The laboured script saps the energy from Revolution. Photo / AP
The laboured script saps the energy from Revolution. Photo / AP

Part of the fun of science fiction is the chance to peek into the future. You know, the flash version with flying cars, retina scanners and talking vacuum cleaners.

JJ Abrams' black-out blockbuster, Revolution (Wednesdays, 9.30pm, TV2), does away with all of that cool technology. Good for the Facebook-haters. Not so good if you hate the dark.

The Alias and Lost creator - along with Supernatural creator/writer Eric Kripke and director Jon Favreau - has been wondering what would happen if all the power in the world went out. An outage affecting everything vaguely electronic.

That means lights, clearly, but also cars and planes which, naturally, hurtle askew from the sky. (For the nervous flyers among us, couldn't it have glided gently into land?)

Strangely, no brain synapses went haywire in the making of the show - other than the viewers' - but according to one theory on the internet, the stuff that crapped out during the Big Event was anything that threw a spark.

Did Revolution throw a spark? Unfortunately not in the pilot, much of which felt like a boring video game. If the power went out midway through watching it, I don't think I would've cared.

A schoolteacher provided much of the early exposition, that clumsy device used to impart the back story: after the likes of Google was rendered useless, the world became a primitive place, albeit one riddled with rival factions and no central governing body.

This simple way of life depends more on your ability to survive than your wi-fi connection. We met one of the ensemble, the crossbow-wielding Charlie Matheson (not to be confused with Homeland's Carrie Mathison or The Hunger Games' Katniss Everdine) whose ridiculously good hair is remarkable considering ironing tongs are obsolete.

Charlie went off on her first mission after the death of her dad, who looked young enough to be her boyfriend, and her brother was taken by militants (their leader played by the expertly villainous Giancarlo Esposito from Breaking Bad).

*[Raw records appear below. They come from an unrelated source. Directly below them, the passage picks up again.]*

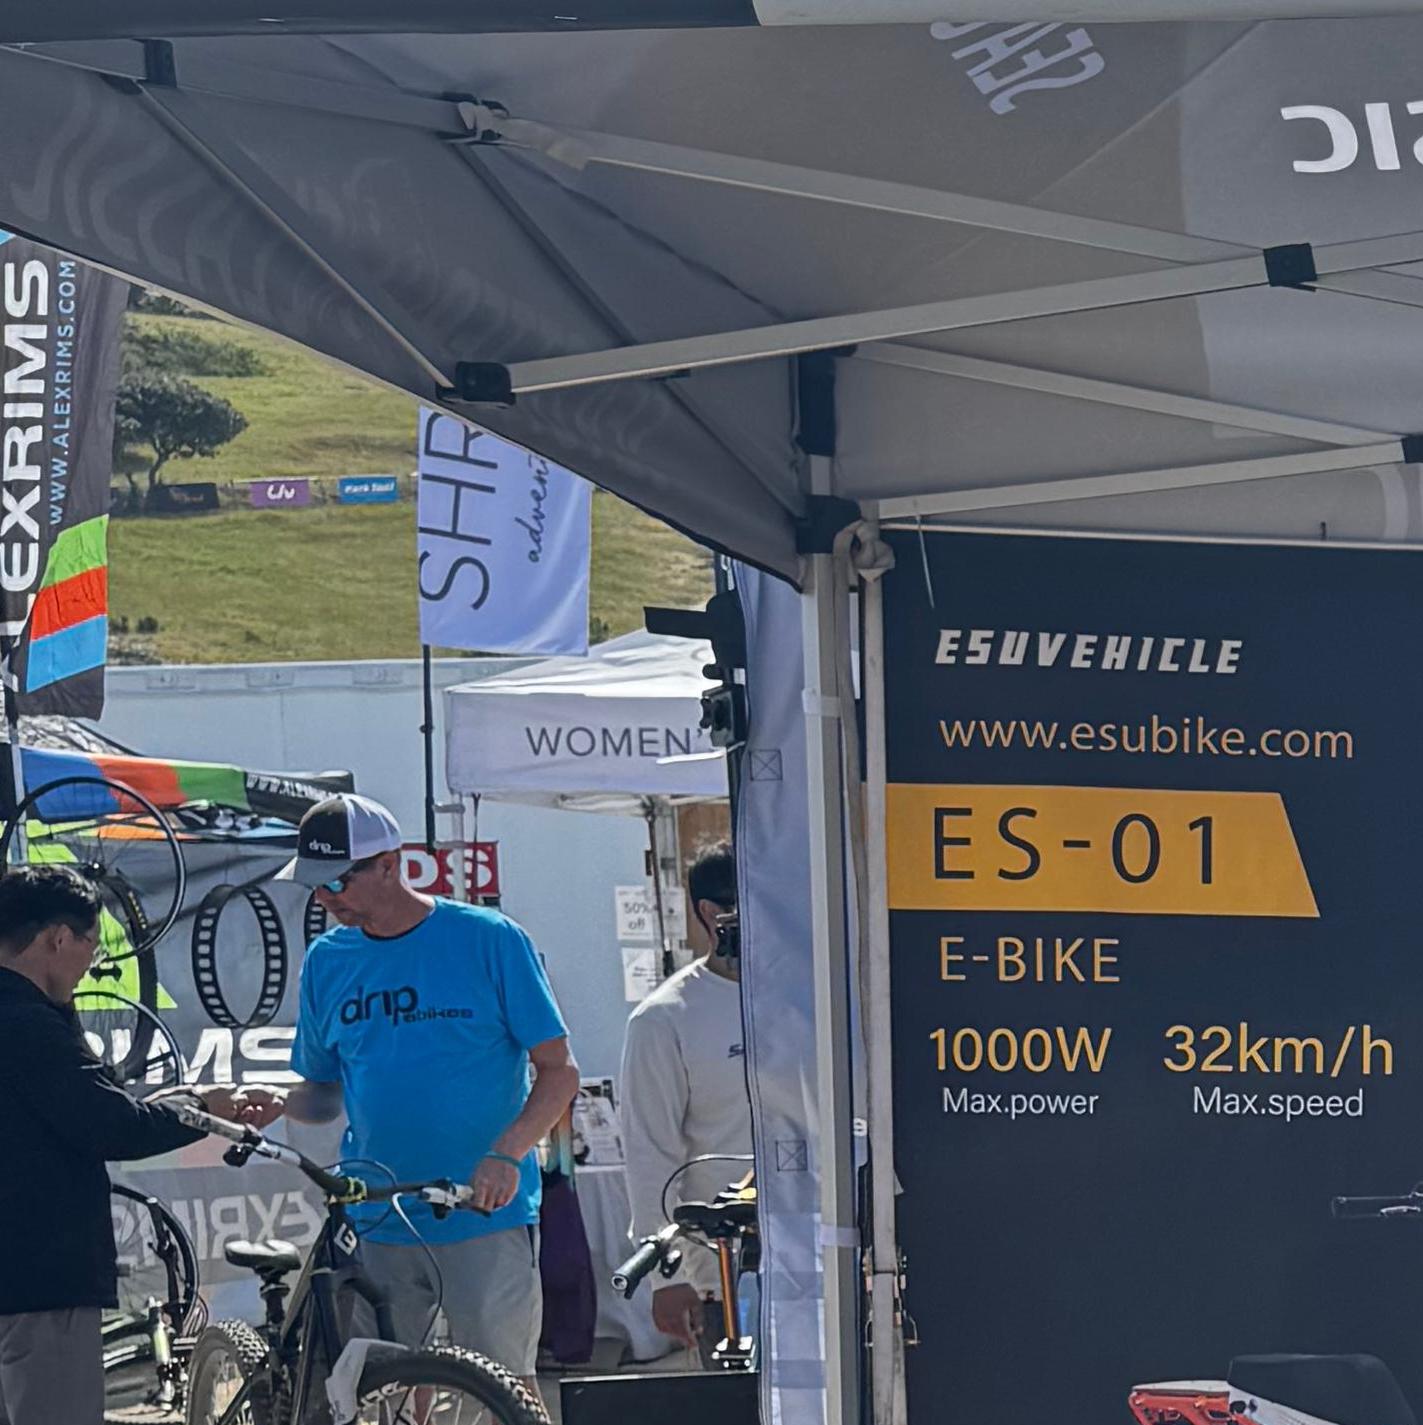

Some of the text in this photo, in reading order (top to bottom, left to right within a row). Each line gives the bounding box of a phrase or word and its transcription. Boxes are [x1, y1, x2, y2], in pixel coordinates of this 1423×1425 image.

[49, 260, 76, 526] WWW.ALEXRIMS.COM
[935, 629, 1244, 675] ESUVEHICLE
[938, 714, 1357, 760] www.esubike.com
[933, 806, 1216, 885] ES-01
[940, 935, 1120, 984] E-BIKE
[928, 1026, 1112, 1074] 1000W
[1162, 1021, 1396, 1078] 32km/h
[942, 1087, 1100, 1121] Max.power
[1192, 1085, 1365, 1122] Max.speed

All the formulaic TV journey boxes were ticked as Charlie and her stepmother and wimpy teacher friend went off to find her Uncle Miles, who apparently knows something about this black-out. She may also be on the verge of a romance with Nate, a member of the militia.

It should be a humdinger of a show but Revolution feels staid and pedestrian - so far anyway, and pilots are never easy as they have to cram so much in.

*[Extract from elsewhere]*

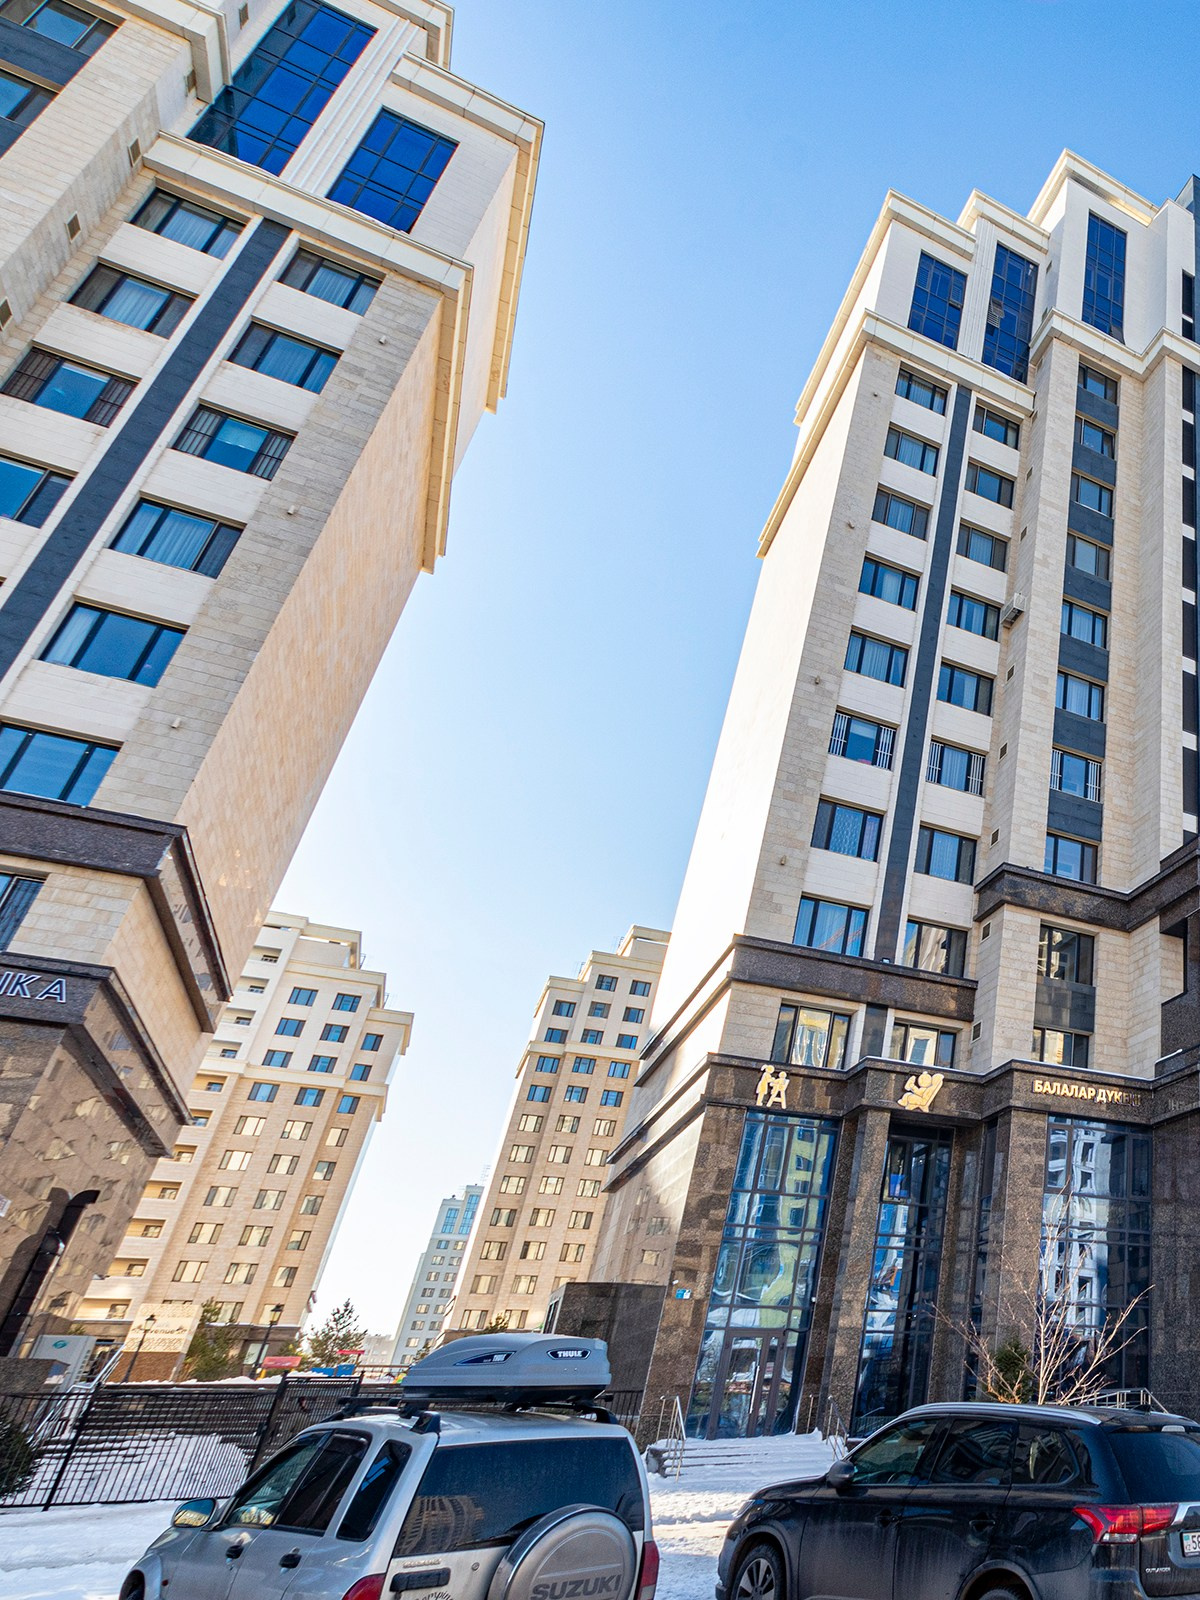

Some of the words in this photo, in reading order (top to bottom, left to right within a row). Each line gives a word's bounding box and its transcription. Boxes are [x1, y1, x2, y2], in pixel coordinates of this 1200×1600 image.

[1033, 1079, 1096, 1099] БАЛАЛАР
[557, 1350, 582, 1358] THULE
[529, 1574, 623, 1600] SUZUKI

At least in Lost though, the characters were directly caught up in the mystery. If they didn't figure out where they were or what they were doing there, they could die, or at the least, have to hang out with Jack for the rest of their lives. In Revolution, while it's by no means utopia, life on Earth after the power fails doesn't look all that terrible. Okay, apart from the nasties with guns, at least you can grow herbs out of a car bonnet.

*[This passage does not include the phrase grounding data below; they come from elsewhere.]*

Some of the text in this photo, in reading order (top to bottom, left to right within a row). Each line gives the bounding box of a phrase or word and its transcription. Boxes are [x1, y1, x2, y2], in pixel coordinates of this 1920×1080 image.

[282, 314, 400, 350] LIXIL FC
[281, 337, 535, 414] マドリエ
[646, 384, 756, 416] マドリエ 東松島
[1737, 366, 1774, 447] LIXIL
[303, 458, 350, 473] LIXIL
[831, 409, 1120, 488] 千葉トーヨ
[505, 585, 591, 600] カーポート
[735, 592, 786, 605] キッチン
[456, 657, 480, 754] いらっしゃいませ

Maybe things will get better in the future but so far, the slow, deliberate script saps the show of electricity.

Charlie: "So what do we do now?"

Miles: "What do we do now, about what?"

"About Danny. How are we going to get Danny back?"

"I'm sorry. I didn't say I was going with you."

"What?"

Blah blah blah, at which point Miles refuses to come.

"You are going to help me get him back."

"Why's that?"

"Because we're family."

"Family?"

And so on. Evidence, perhaps, that the revolution should not have been televised.